*** Provided records ***

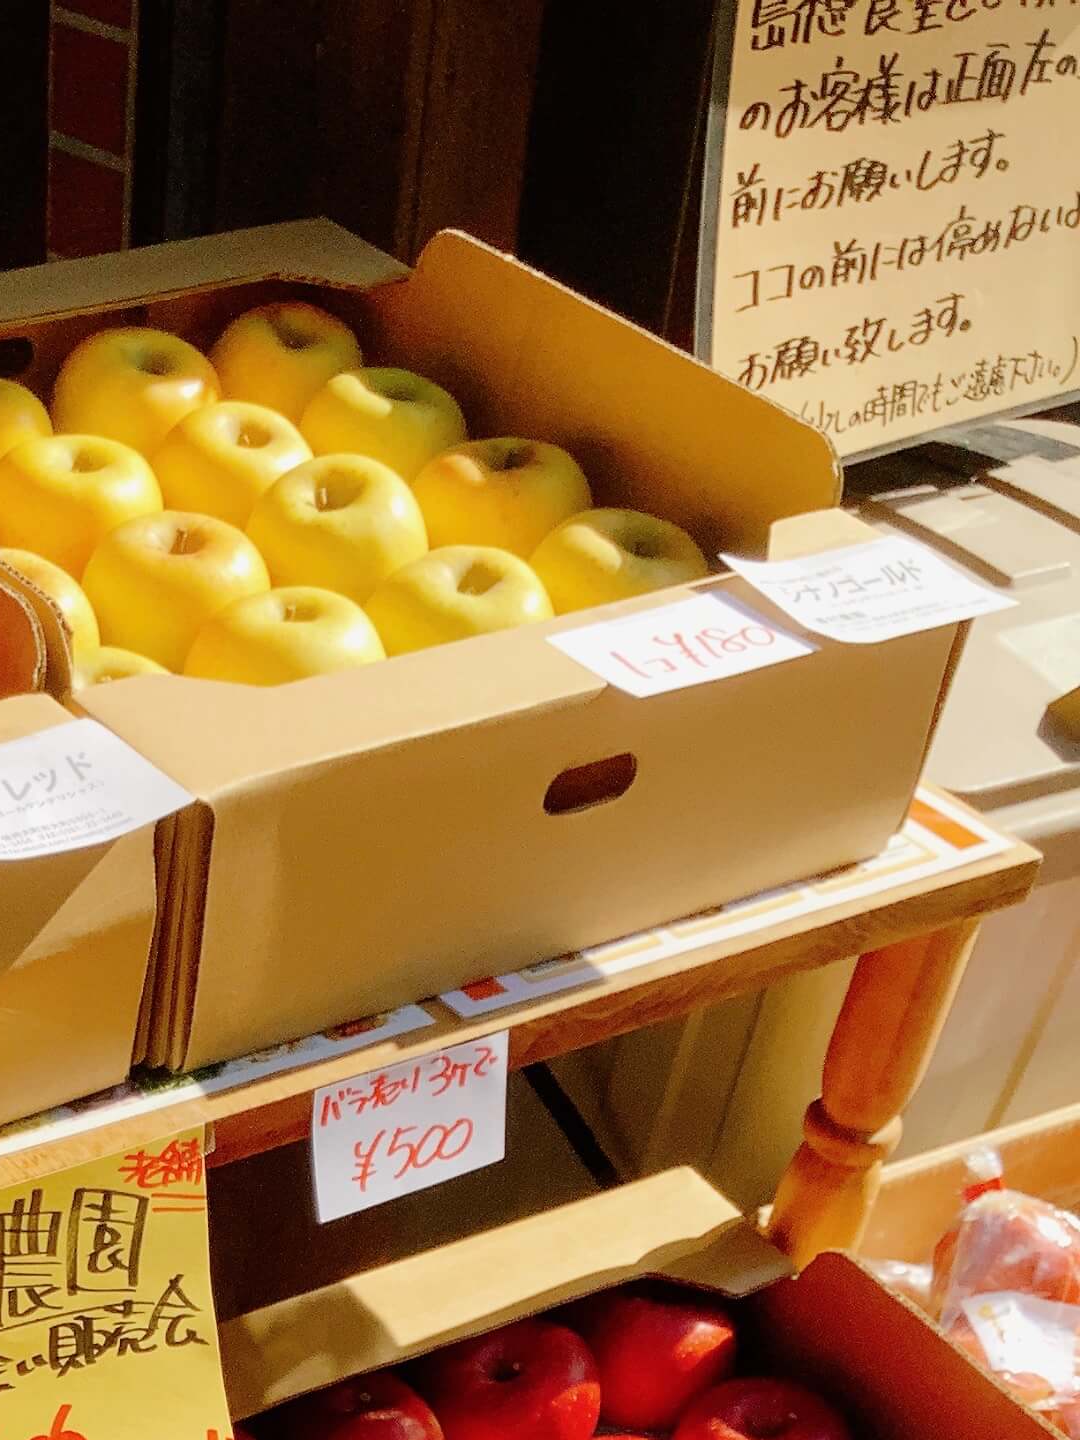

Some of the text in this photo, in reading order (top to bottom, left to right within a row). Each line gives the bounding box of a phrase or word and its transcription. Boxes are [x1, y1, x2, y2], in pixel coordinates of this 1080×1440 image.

[731, 129, 1011, 229] 前にお願いします。
[352, 1118, 473, 1192] ¥500
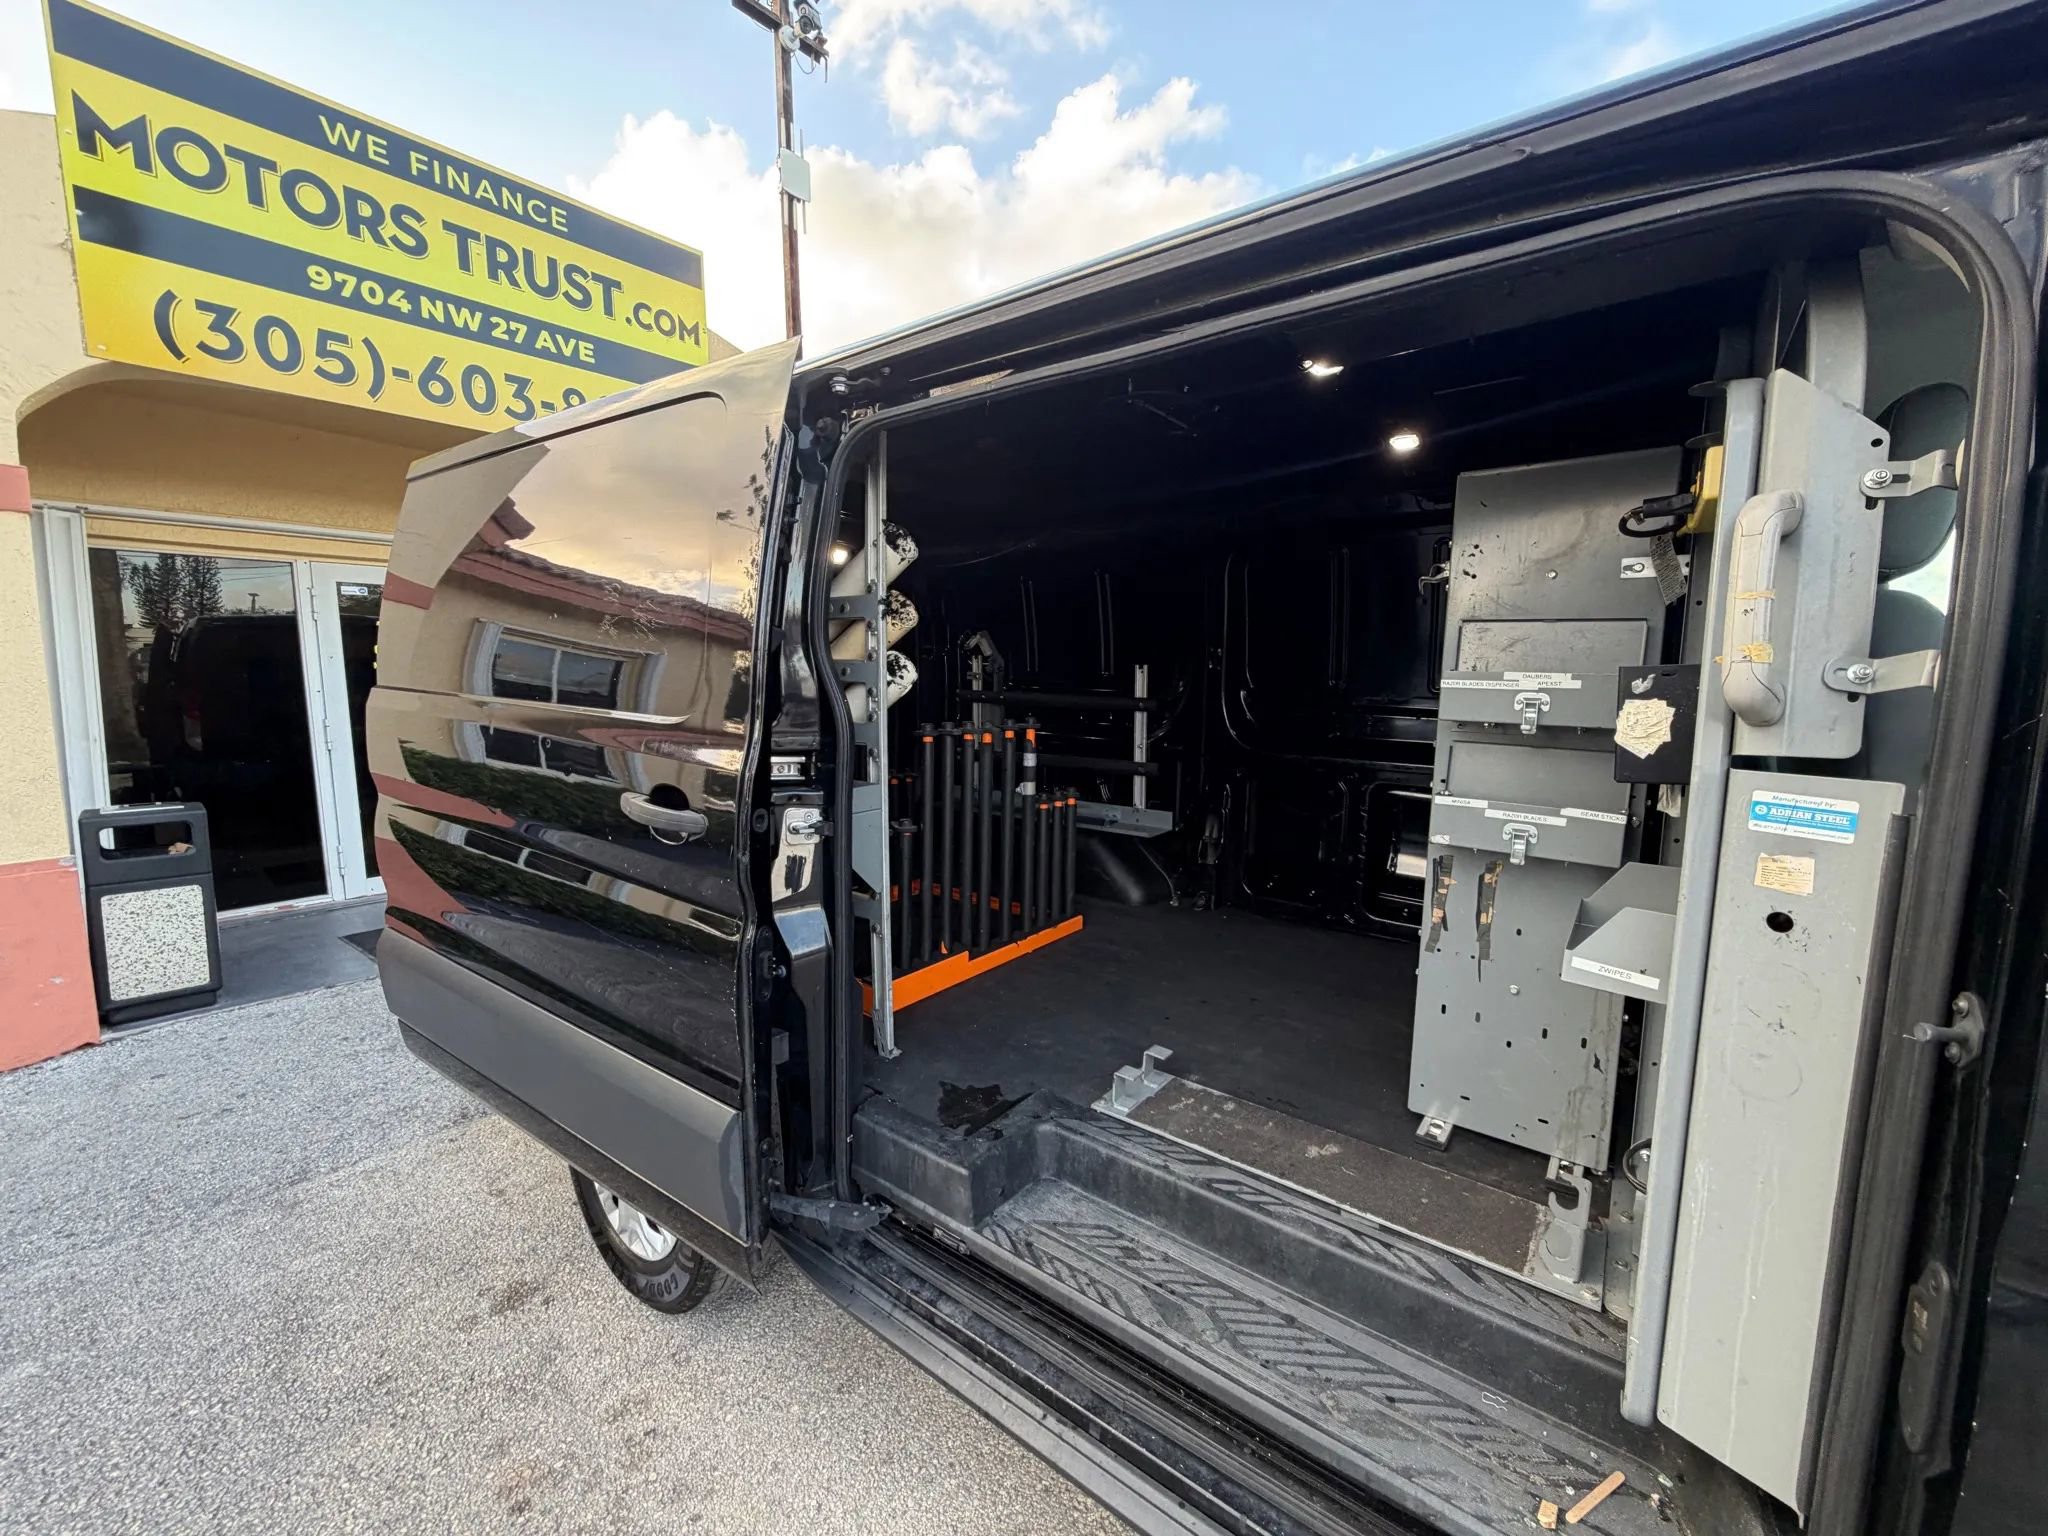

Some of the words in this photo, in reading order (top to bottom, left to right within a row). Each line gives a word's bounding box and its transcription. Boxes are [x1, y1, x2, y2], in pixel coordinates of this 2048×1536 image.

[71, 88, 430, 260] MOTORS
[441, 218, 702, 347] TRUST.COM
[318, 115, 390, 165] WE
[409, 151, 569, 232] FINANCE
[153, 288, 590, 423] (305)-603-
[306, 264, 412, 314] 9704
[419, 295, 483, 332] NW
[489, 316, 528, 343] 27
[534, 330, 596, 364] AVE
[1601, 814, 1625, 823] STICKS
[1769, 807, 1813, 821] ADRIAN
[1813, 814, 1850, 825] STEEL
[1598, 965, 1632, 980] ZWIPES
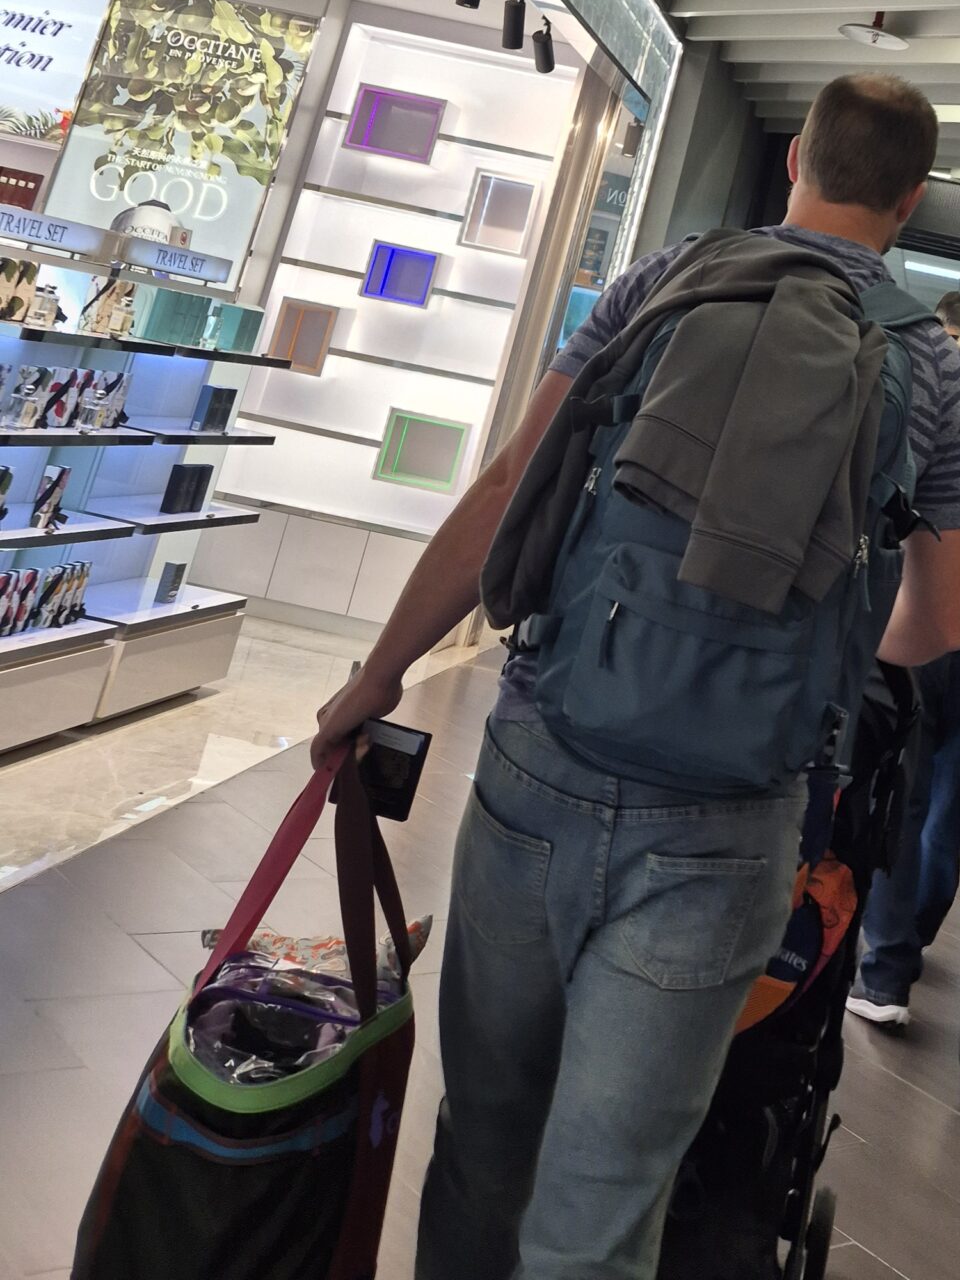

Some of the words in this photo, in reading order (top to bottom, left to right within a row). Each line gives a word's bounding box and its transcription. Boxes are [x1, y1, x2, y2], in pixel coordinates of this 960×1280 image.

[89, 163, 228, 221] GOOD
[0, 212, 44, 239] TRAVEL
[44, 224, 68, 243] SET
[156, 248, 188, 270] TRAVEL
[189, 255, 207, 274] SET
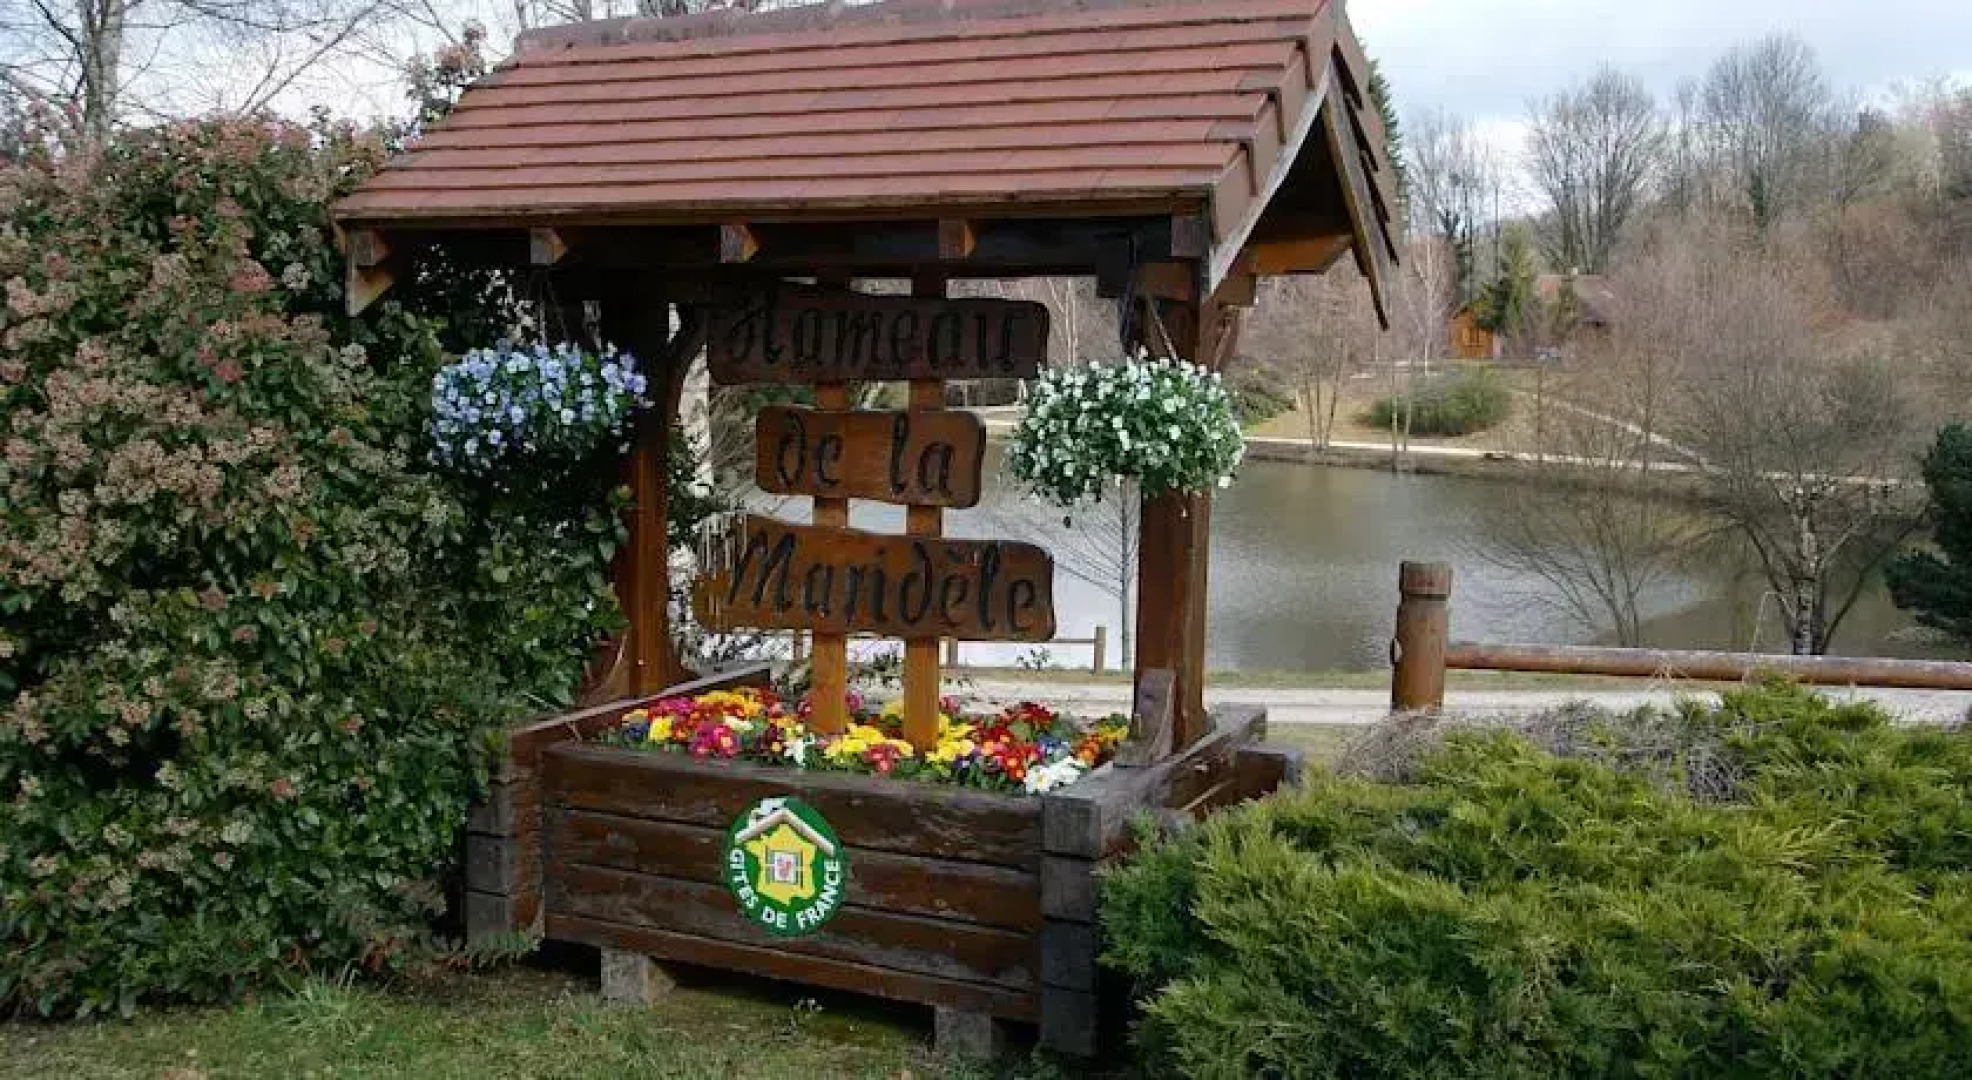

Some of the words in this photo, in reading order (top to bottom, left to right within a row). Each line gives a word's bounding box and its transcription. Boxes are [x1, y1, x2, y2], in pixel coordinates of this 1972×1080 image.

*** End of Provided records ***

**Task description:** From the first line to the last, return the material above exactly, apart from the pictures.

**Solution for this task:**
Some of the text in this photo, in reading order (top to bottom, left to right within a row). Each line gives the bounding box of a phrase or word and its transcription. Boxes are [x1, y1, x2, y2], in pixel coordinates of this 1080×1440 image.

[731, 129, 1011, 229] 前にお願いします。
[352, 1118, 473, 1192] ¥500

Some of the words in this photo, in reading order (top to bottom, left to right within a row). Each line gives a word's bounding box and its transcription. Boxes are [x1, y1, x2, y2], in pixel coordinates of this 2048×1536 image.

[71, 88, 430, 260] MOTORS
[441, 218, 702, 347] TRUST.COM
[318, 115, 390, 165] WE
[409, 151, 569, 232] FINANCE
[153, 288, 590, 423] (305)-603-
[306, 264, 412, 314] 9704
[419, 295, 483, 332] NW
[489, 316, 528, 343] 27
[534, 330, 596, 364] AVE
[1601, 814, 1625, 823] STICKS
[1769, 807, 1813, 821] ADRIAN
[1813, 814, 1850, 825] STEEL
[1598, 965, 1632, 980] ZWIPES

Some of the words in this photo, in reading order (top to bottom, left to right within a row). Each line gives a word's bounding box and its transcription. Boxes are [x1, y1, x2, y2], in pixel coordinates of this 960×1280 image.

[89, 163, 228, 221] GOOD
[0, 212, 44, 239] TRAVEL
[44, 224, 68, 243] SET
[156, 248, 188, 270] TRAVEL
[189, 255, 207, 274] SET

Some of the words in this photo, in reading order (top to bottom, left to right within a row). Each line gives a word's bounding box and its transcription. Boxes are [x1, y1, x2, y2], in pixel coordinates of this 1972×1080 image.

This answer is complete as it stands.